Cross-entropy = entropy of $p$ + KL divergence from $p$ to $q$ . Minimising cross-entropy is equivalent to minimising KL divergence when $H(p)$ is fixed (which it is, since the data distribution doesn't change during training). See CrossEntropyDecomposition.

Entropy

H(p) = -\sum_x p(x) \log p(x) = -\mathbb{E}_{x \sim p}\!\left[\log p(x)\right]

The expected surprise under the distribution itself — how uncertain $p$ is. A uniform distribution over $V$ tokens has maximum entropy $\log V$ ; a delta distribution (always the same token) has entropy 0.

Entropy of an LLM's next-token distribution:

H(\pi_\theta(\cdot \mid x_{<t})) = -\sum_{v=1}^{V} \pi_\theta(v \mid x_{<t}) \log \pi_\theta(v \mid x_{<t})

This is what the PPO/GRPO entropy bonus maximises — it prevents the policy from collapsing to a single deterministic token sequence.

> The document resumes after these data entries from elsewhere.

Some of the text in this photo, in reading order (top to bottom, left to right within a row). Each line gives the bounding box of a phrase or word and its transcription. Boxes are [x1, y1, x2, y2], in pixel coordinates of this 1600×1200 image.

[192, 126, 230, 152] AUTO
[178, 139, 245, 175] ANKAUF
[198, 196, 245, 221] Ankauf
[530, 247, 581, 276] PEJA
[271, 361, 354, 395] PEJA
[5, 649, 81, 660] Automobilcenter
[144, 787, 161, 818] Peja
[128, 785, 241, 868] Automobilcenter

What entropy values mean in practice:

Entropy (nats)	Interpretation
~0	Effectively deterministic — model is certain
~2–4	Typical for well-trained LLMs on fluent continuations
~ $\log V$ ≈ 10–11	Uniform over vocabulary — model has learned nothing

High entropy at inference = uncertain or incoherent output. Low entropy = confident, possibly repetitive. Entropy collapse during RL training (entropy → 0) is the canonical sign of mode collapse. See EntropyCollapseDemo.

Perplexity

\text{PPL} = \exp\!\left(\frac{1}{T} \sum_{t=1}^{T} -\log P_\theta(x_t \mid x_{<t})\right) = \exp(\text{mean per-token NLL})

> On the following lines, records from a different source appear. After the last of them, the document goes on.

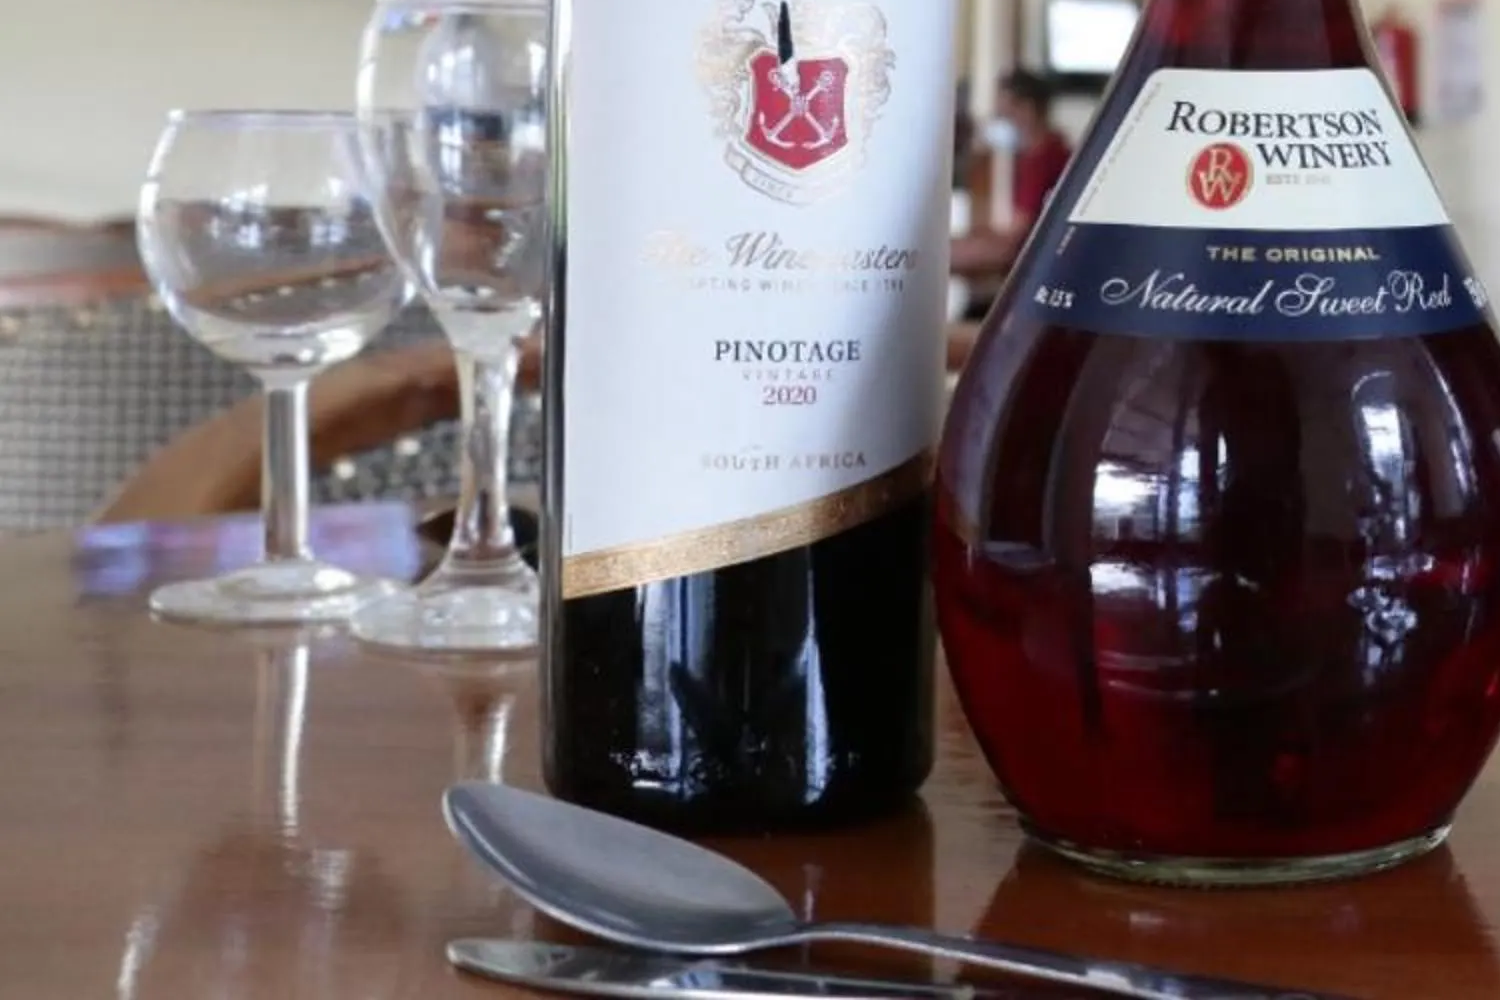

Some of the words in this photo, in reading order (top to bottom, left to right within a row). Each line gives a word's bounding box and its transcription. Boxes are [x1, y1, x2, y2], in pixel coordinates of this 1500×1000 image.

[1166, 100, 1384, 139] ROBERTSON
[1256, 141, 1393, 170] WINERY
[1207, 246, 1257, 262] THE
[1266, 246, 1381, 263] ORIGINAL
[1101, 268, 1275, 317] Natural
[1274, 271, 1389, 317] Sweet
[1387, 269, 1453, 312] Red
[714, 340, 863, 363] PINOTAGE
[762, 385, 818, 405] 2020
[701, 454, 781, 472] SOUTH
[789, 451, 868, 469] AFRICA
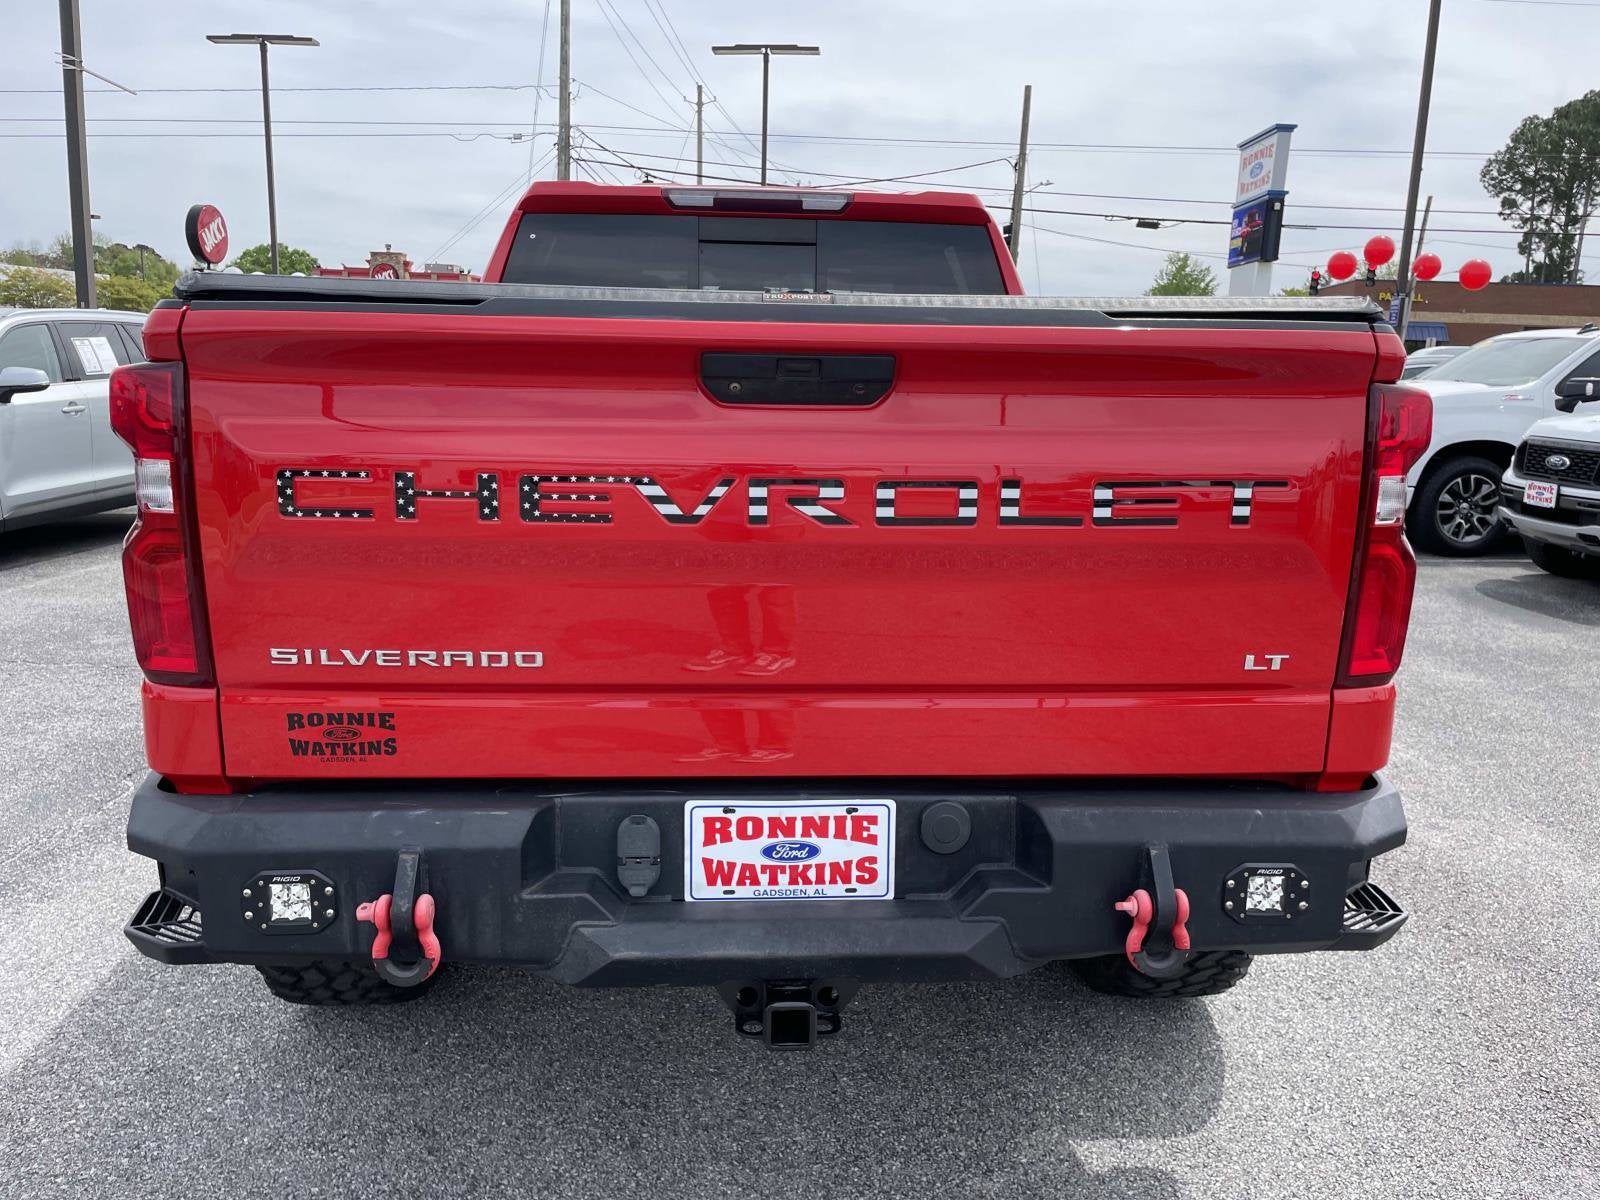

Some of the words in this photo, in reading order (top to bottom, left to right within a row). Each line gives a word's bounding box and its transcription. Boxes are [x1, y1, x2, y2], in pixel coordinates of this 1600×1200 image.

[276, 468, 1291, 527] CHEVROLET
[269, 647, 544, 668] SILVERADO
[1244, 654, 1290, 671] LT
[286, 712, 396, 731] RONNIE
[288, 738, 397, 756] WATKINS
[702, 815, 878, 847] RONNIE
[771, 843, 810, 860] Ford
[701, 855, 879, 887] WATKINS
[752, 888, 810, 898] GADSDEN,
[813, 887, 828, 897] AL

Perplexity is the exponential of mean per-token NLL. A model with perplexity $k$ is, on average, as uncertain about each token as a uniform distribution over $k$ options.

Why exponentiate? NLL accumulates over sequence length — a 1000-token sequence has 1000× the NLL of a single token. Per-token NLL normalises for length, and the exponential converts from log-space back to a "number of equally-likely choices" that has an intuitive interpretation.

Reading perplexity values:

PPL	Interpretation
~1	Perfect prediction — impossible in practice
~10–20	Strong language model on its training domain
~50–100	Reasonable model or out-of-domain text
~ $V$ ≈ 50,000	Uniform over vocabulary — random baseline

Perplexity is not comparable across tokenisers. A model with a 32K vocabulary and a model with a 100K vocabulary will have different perplexities on the same text, because the token boundaries are different — each "token" covers a different amount of linguistic content. Always compare perplexity numbers produced by the same tokeniser. See PerplexityUnitConverter.

Relationship to NLL:

\text{PPL} = e^{\text{NLL}/T} \qquad \Leftrightarrow \qquad \text{NLL} = T \cdot \log(\text{PPL})

A drop in training loss of 0.1 nats/token corresponds to a multiplicative change in perplexity of $e^{-0.1} \approx 0.905$ — roughly a 10% reduction. Early in training (high loss), the same absolute loss drop produces much larger perplexity reductions than late in training (low loss).

KL divergence

D_{\text{KL}}(p \| q) = \sum_x p(x) \log \frac{p(x)}{q(x)} = \mathbb{E}_{x \sim p}\!\left[\log \frac{p(x)}{q(x)}\right]

The expected log-ratio of $p$ to $q$ under samples from $p$ . Measures how much information is lost when using $q$ to approximate $p$ . Always $\geq 0$ ; equals 0 iff $p = q$ .

KL is asymmetric: $D_{\text{KL}}(p \| q) \neq D_{\text{KL}}(q \| p)$ in general. The direction matters:

Forward KL $D_{\text{KL}}(p \| q)$ : penalises $q$ for assigning zero probability anywhere $p$ has mass — $q$ must cover all of $p$ 's support. Used in GRPO's KL penalty because it prevents the policy from ignoring modes of the reference.
Reverse KL $D_{\text{KL}}(q \| p)$ : penalises $q$ for putting mass anywhere $p$ does not — $q$ tends to seek a mode of $p$ . Used in variational inference (ELBO).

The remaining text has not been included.